Globular clusters vs dark matter haloes in strong lensing observations

ABSTRACT Dynamical models allow us to connect the motion of a set of tracers to the underlying gravitational potential, and thus to the total (luminous and dark) matter distribution. They are particularly useful for understanding the mass and spatial distribution of dark matter (DM) in a galaxy. Globular clusters (GCs) are an ideal tracer population in dynamical models, since they are bright and can be found far out into the halo of galaxies. We aim to test how well Jeans-Anisotropic-MGE (JAM) models using GCs (positions and line-of-sight velocities) as tracers can constrain the mass and radial distribution of DM haloes. For this, we use the E-MOSAICS suite of 25 zoom-in simulations of L* galaxies. We find that the DM halo properties are reasonably well recovered by the JAM models.

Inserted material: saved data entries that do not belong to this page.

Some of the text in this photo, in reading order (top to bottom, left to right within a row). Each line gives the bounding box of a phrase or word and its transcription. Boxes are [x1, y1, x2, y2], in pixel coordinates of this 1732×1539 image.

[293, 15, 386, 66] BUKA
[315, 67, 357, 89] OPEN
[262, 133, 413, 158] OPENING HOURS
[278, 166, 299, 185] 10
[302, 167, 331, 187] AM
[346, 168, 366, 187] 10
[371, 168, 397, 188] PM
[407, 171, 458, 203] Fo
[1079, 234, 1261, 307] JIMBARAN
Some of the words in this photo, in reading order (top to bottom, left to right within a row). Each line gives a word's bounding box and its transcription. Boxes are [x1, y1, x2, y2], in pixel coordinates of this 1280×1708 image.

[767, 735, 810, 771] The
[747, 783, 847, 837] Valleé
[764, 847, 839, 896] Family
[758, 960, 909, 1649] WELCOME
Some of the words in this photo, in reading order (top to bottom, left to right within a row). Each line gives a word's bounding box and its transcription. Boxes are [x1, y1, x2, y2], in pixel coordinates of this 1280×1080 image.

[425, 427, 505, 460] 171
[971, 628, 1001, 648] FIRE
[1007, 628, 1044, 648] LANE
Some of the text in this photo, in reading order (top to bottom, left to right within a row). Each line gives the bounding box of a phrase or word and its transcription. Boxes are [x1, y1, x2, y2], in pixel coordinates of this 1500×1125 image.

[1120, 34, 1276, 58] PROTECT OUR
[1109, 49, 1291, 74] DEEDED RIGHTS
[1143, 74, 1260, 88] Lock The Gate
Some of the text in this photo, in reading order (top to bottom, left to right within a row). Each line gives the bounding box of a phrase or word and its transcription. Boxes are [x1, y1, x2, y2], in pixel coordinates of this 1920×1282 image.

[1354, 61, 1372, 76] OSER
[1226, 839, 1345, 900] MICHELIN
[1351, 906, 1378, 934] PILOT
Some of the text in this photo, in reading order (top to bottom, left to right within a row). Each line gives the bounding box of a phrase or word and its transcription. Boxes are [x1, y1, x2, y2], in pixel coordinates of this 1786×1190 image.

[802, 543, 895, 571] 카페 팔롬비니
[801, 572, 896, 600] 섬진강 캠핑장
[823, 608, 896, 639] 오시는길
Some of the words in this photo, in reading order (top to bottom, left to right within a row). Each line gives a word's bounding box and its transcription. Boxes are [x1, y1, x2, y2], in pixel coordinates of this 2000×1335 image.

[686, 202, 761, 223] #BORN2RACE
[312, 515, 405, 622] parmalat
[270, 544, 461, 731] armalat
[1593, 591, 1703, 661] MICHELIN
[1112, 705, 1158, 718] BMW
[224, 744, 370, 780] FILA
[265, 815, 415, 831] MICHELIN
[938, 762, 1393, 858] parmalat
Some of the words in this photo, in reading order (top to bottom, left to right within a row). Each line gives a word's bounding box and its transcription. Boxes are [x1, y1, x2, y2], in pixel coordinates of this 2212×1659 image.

There is, however, a strong correlation between how well we recover the mass and the radial distribution of the DM and the number of GCs in the galaxy: the constraints get exponentially worse with fewer GCs, and at least 150 GCs are needed in order to guarantee that the JAM model will perform well. We find that while the data quality (uncertainty on the radial velocities) can be important, the number of GCs is the dominant factor in terms of the accuracy and precision of the measurements. This work shows promising results for these models to be used in extragalactic systems with a sample of more than 150 GCs.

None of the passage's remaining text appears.